Goal of the exercise -
Leave every picture out and return the rest of the listing verbatim.

Provided records section start

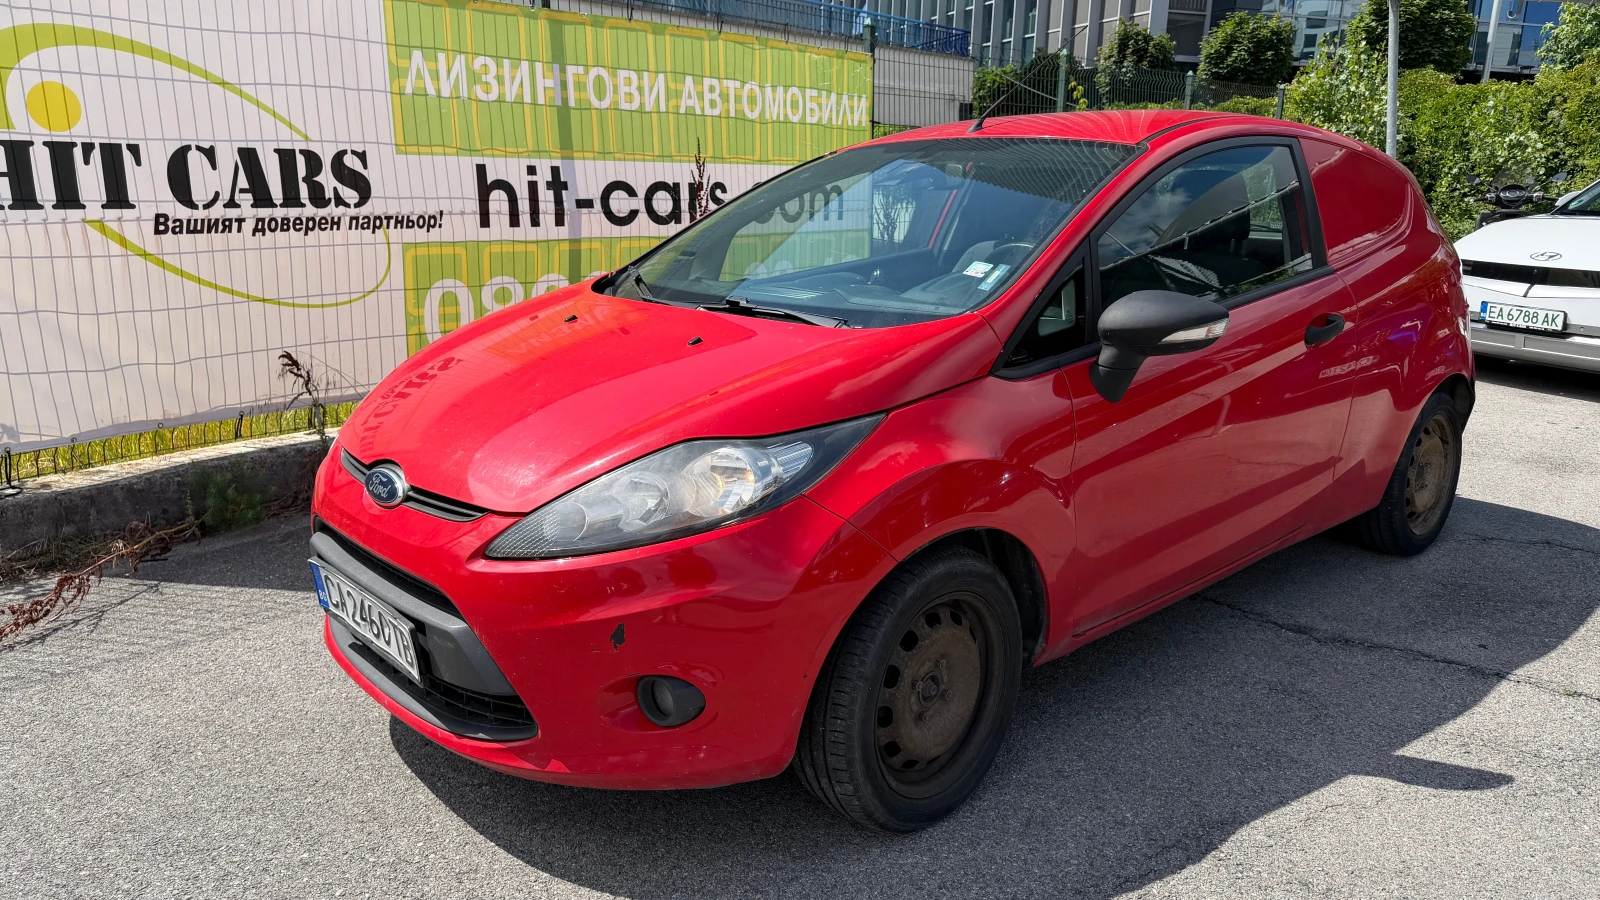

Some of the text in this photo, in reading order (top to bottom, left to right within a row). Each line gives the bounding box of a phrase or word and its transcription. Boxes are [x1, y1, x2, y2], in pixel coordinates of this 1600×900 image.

[405, 50, 867, 127] ЛИЗИНГОВИ АВТОМОБИЛИ
[166, 144, 373, 210] CARS
[153, 210, 443, 236] Вашият доверен партньор!
[1488, 305, 1504, 320] EA
[1507, 308, 1539, 324] 6788
[1541, 313, 1560, 327] AK
[368, 472, 392, 498] Ford
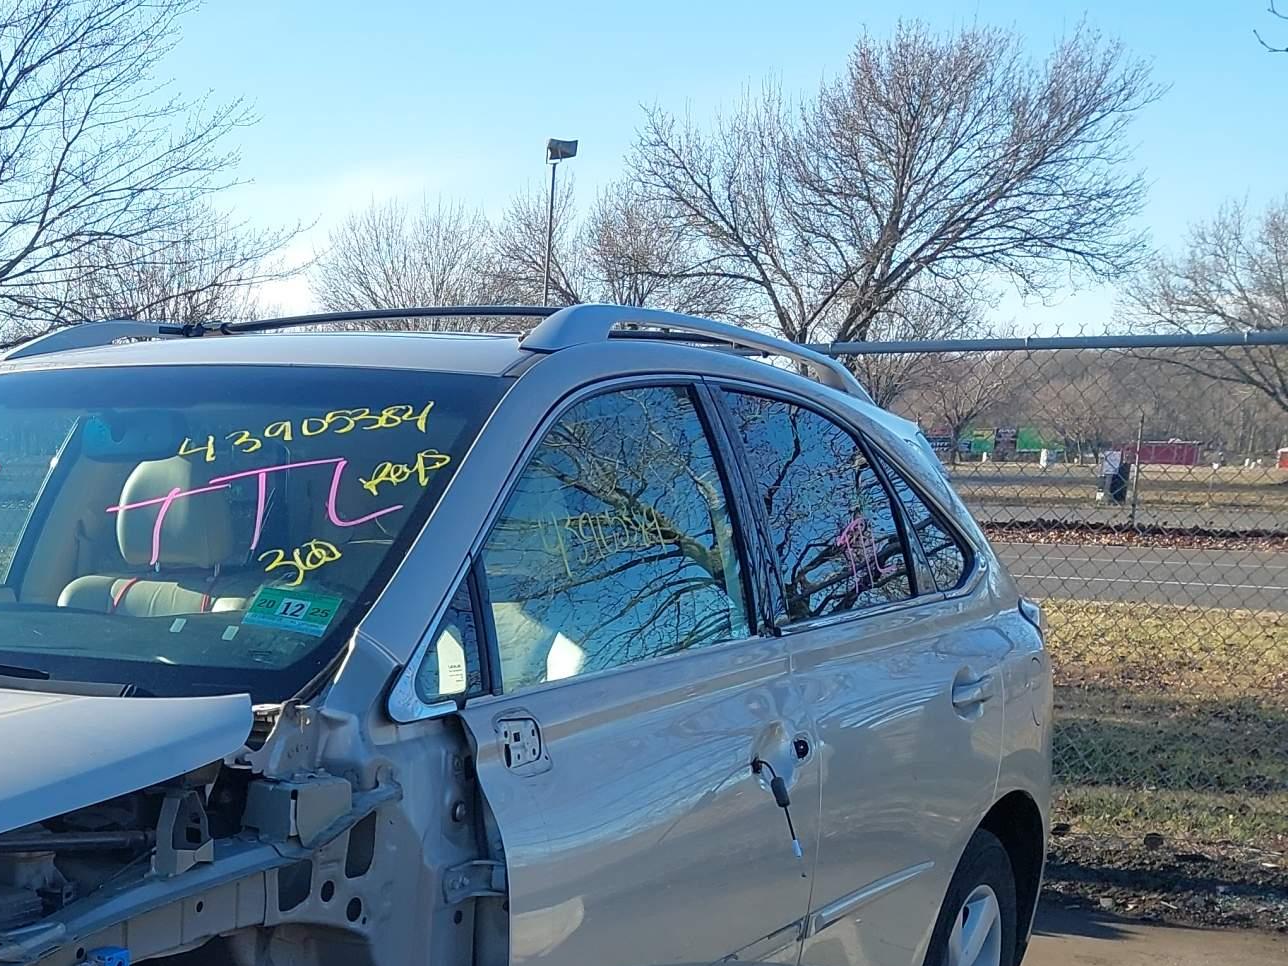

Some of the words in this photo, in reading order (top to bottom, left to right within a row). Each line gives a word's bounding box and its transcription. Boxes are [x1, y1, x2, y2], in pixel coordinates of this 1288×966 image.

[178, 400, 435, 463] 43905384
[257, 598, 276, 610] 20
[279, 601, 305, 618] 12
[310, 607, 331, 618] 25
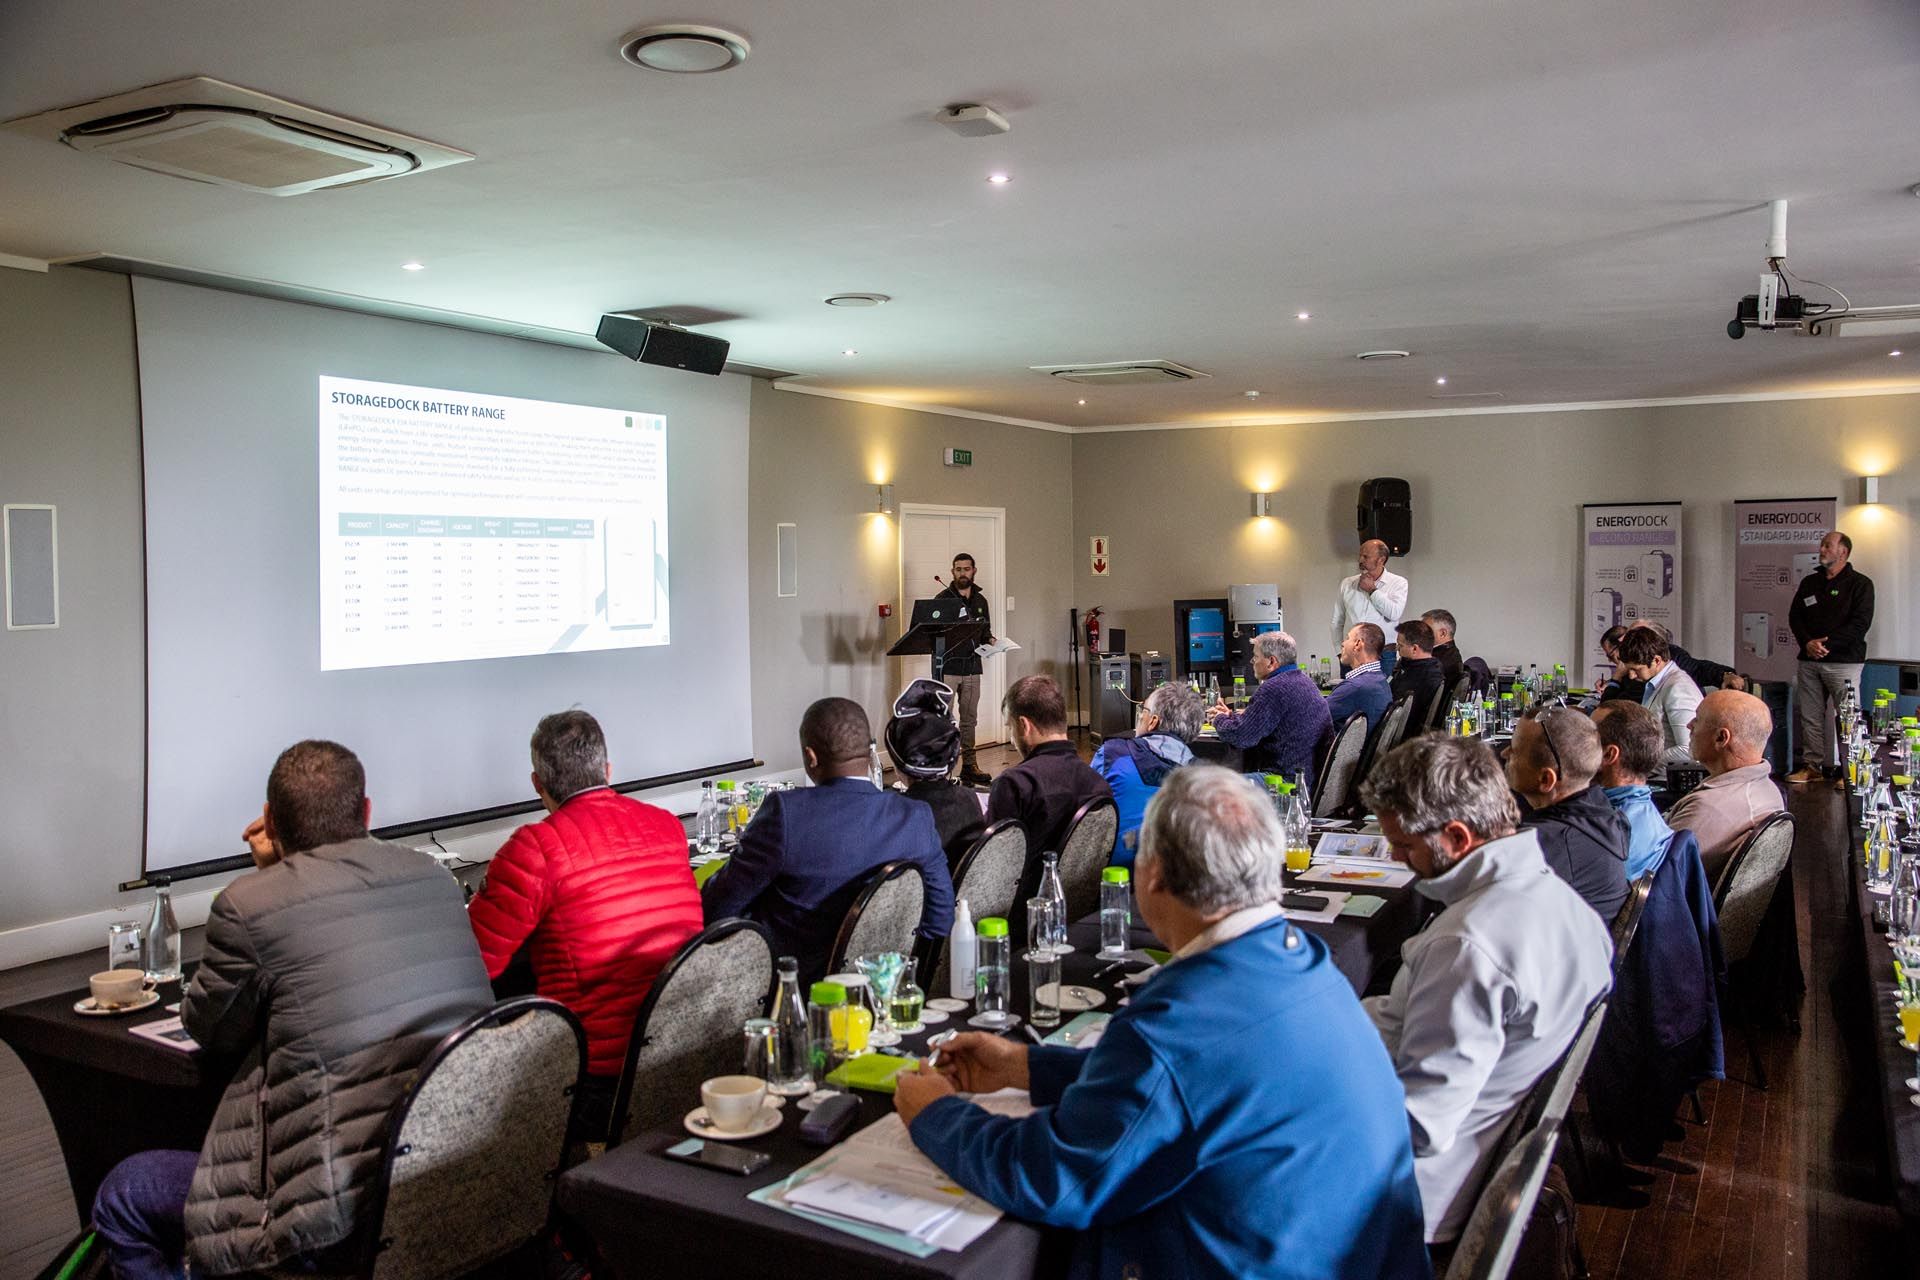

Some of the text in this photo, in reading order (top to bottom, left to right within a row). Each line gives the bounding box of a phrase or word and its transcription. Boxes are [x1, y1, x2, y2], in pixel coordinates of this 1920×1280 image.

Provided records section end

Your solution -
Some of the text in this photo, in reading order (top to bottom, left to right within a row). Each line gives the bounding box of a phrase or word and its transcription. Boxes are [x1, y1, x2, y2], in pixel coordinates of this 1600×900 image.

[405, 50, 867, 127] ЛИЗИНГОВИ АВТОМОБИЛИ
[166, 144, 373, 210] CARS
[153, 210, 443, 236] Вашият доверен партньор!
[1488, 305, 1504, 320] EA
[1507, 308, 1539, 324] 6788
[1541, 313, 1560, 327] AK
[368, 472, 392, 498] Ford

Some of the words in this photo, in reading order (top to bottom, left to right within a row). Each line gives a word's bounding box and its transcription. Boxes are [x1, y1, x2, y2], in pixel coordinates of this 1288×966 image.

[178, 400, 435, 463] 43905384
[257, 598, 276, 610] 20
[279, 601, 305, 618] 12
[310, 607, 331, 618] 25

Some of the text in this photo, in reading order (top to bottom, left to right within a row). Each line gives the bounding box of a phrase or word and its transcription. Boxes are [x1, y1, x2, y2], in pixel coordinates of this 1920×1280 image.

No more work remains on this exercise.